Alternatively, stream_heartbeat_with_detector
has gained two attention-grabbing options: firstly, it may now operate seamlessly with any picture kind, eliminating its earlier dependency on cv::Mat
. For instance, if we introduce introduce a brand new SDKImage
and combine it with stream_detector
, stream_heartbeat_with_detector
will proceed to work with out modification. Secondly, it now not handles the “500 milliseconds” threshold, which was beforehand used to find out if a stream turns into idle.

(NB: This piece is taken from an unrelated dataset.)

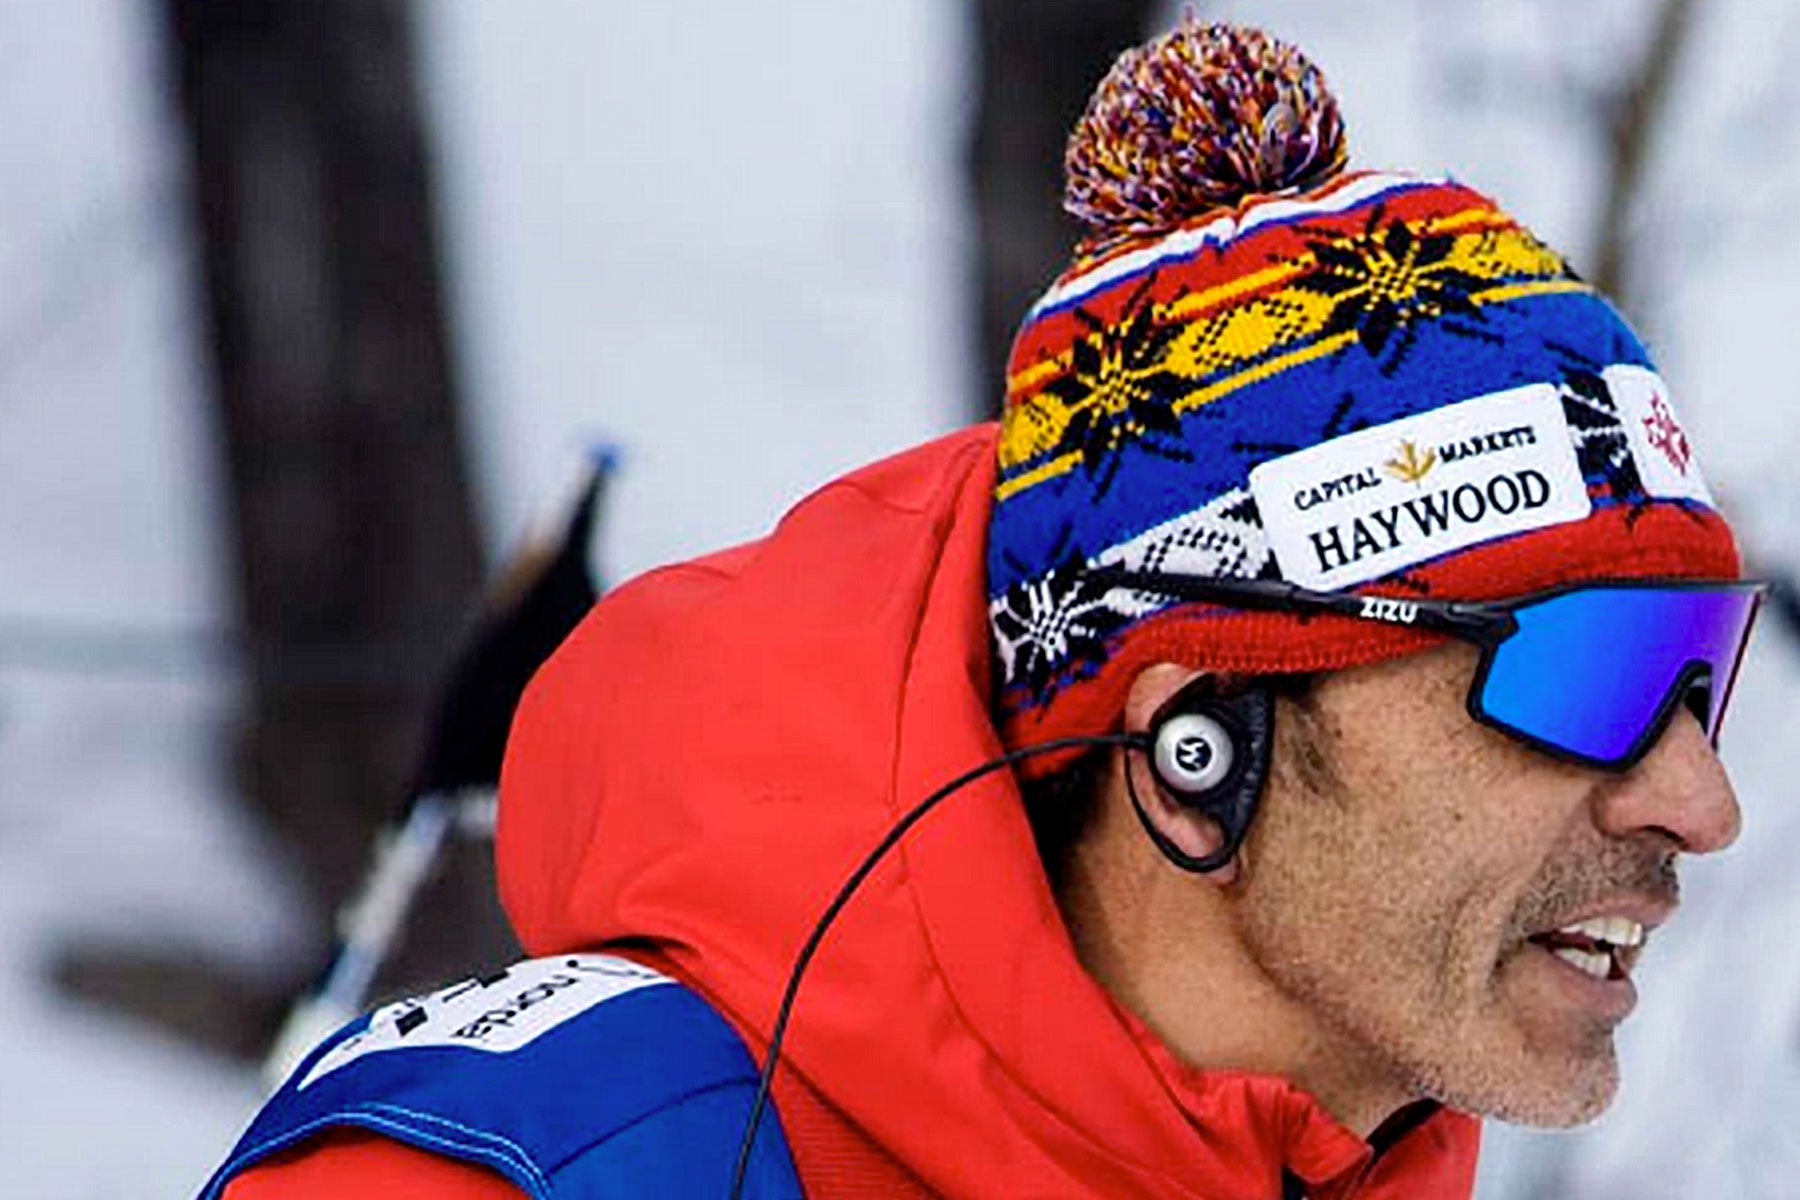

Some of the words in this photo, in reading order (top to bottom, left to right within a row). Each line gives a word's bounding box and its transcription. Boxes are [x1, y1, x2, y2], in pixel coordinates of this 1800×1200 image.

This duty is now solely throughout the area of stream_detector
(about this threshold, nevertheless, the central level mentioned earlier on this article nonetheless stands: the simplest method to find out if the stream has began and concluded is to have the producer ship applicable indicators).
It’s essential to focus on that the primary function has a wider applicability. Within the state of affairs the place we’ve got quite a few brokers designed to work solely with cv::Mat
(comparable to image_viewer
and image_tracer
), if, in some unspecified time in the future, we introduce assist for SDKImage
into this system, we will simplify the transition by introducing an adapter agent that converts SDKImage
into cv::Mat
(assuming it’s possible). This adaptation would allow the present brokers to seamlessly proceed their operations with out requiring any further modifications:
The excellent news is that we do have a alternative. Wanna go for placing all of the logic into a number of brokers, minimizing message trade and sort proliferation? Deal. Or do you favor fine-grained brokers and extra modularity? Deal.
Takeaway
On this episode we’ve got realized:
- agent states present features to specific transitions and specific situations that should be assured;
-
on_enter
executes a operate when the agent transitions to a sure state; -
on_exit
executes a operate when the agent leaves a sure state; -
on_enter
andon_exit
handlers mustn’t throw exceptions; -
time_limit
units the most time the agent may be in a sure state (and may be reset from a message handler); - combining agent states with periodic messages may be highly effective.
As normal, calico
is up to date and tagged.
What’s subsequent?
Our supervisor is extremely impressed with the venture’s developments and is keen to place it to make use of. Nevertheless, with an essential buyer demonstration on the horizon, she has a brand new request:
“The shopper shall be captivated by the system’s flexibility. May you add extra brokers and supply examples showcasing the ability of composition?”
Within the forthcoming put up, we’ll introduce a number of extra brokers, highlighting the dynamic potential of composition in motion!
Due to Yauheni Akhotnikau for having reviewed this put up.